The operational journal in which Adolf Eichmann was first photographed by a secret camera (Credit: Shin Bet)
The operational journal in which Adolf Eichmann was first photographed by a secret camera (Credit: Shin Bet)
“We understand the magnitude of the right that has fallen in our part and as is written in the organization’s mission – ‘to progress at all times and in all places, thanks to people with a sense of mission, for the security of the State of Israel,’” read a Shin Bet statement marking 60 years since the operation.
 
The Shin Bet released photos of a bag used to take undercover pictures of Eichmann, a page from the operational journal in which Eichmann was first photographed by the undercover camera, a letter of thanks received by the Shin Bet from the Bar Kochba school in Tel Aviv and a letter sent by the head of the Shin Bet at the time to the Kiryat Amal government school in response to letters of thanks received from the school.
 
Eichmann was appointed head of the Gestapo’s Jewish Affairs division at the start of World War II and was later placed in charge of organizing the “Final Solution” throughout Europe.
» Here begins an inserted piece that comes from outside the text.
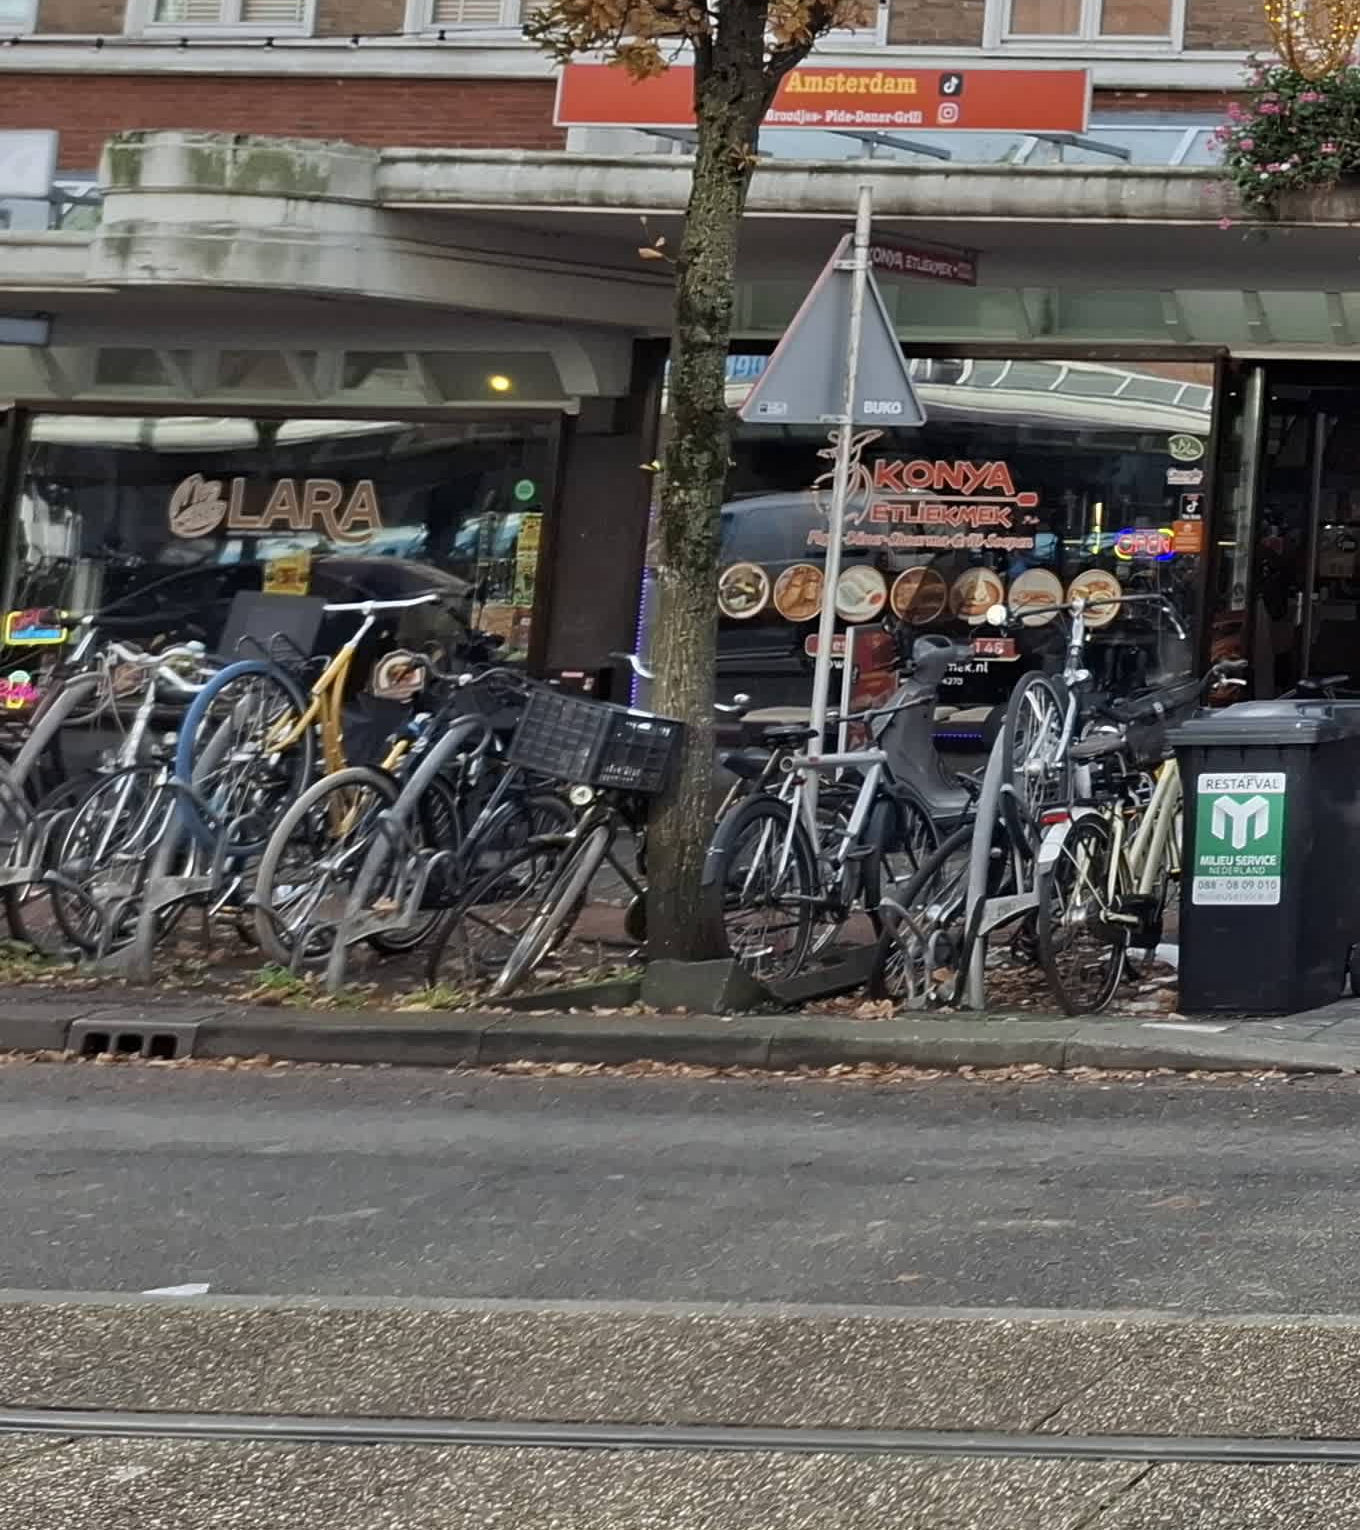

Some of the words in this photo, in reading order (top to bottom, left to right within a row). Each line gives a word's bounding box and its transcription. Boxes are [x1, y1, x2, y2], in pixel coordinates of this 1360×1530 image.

A letter sent by the head of the Shin Bet at the time to the Kiryat Amal government school in response to letters of thanks received from the school (Credit: Shin Bet)
A letter sent by the head of the Shin Bet at the time to the Kiryat Amal government school in response to letters of thanks received from the school (Credit: Shin Bet)
At the end of the war – and at the conclusion of the Holocaust – Eichmann was arrested by the US Army. He soon escaped his captors, however, and eventually made his way to Argentina, where he lived under the assumed name of Ricardo Klement.
Information regarding his whereabouts began to reach Israel in the late 1950s, spurring both the Mossad and Shin Bet (Israel Security Agency) to track Eichmann down. On May 11, 1960, Eichmann was abducted near his home in Buenos Aires by a team of Israeli agents, smuggled out of Argentina and flown to Israel.
 
Eichmann was placed on trial in Jerusalem in April 1961, convicted in December 1961, and hung on May 31, 1962. His body was cremated, and his ashes were scattered at sea, beyond Israel’s territorial waters.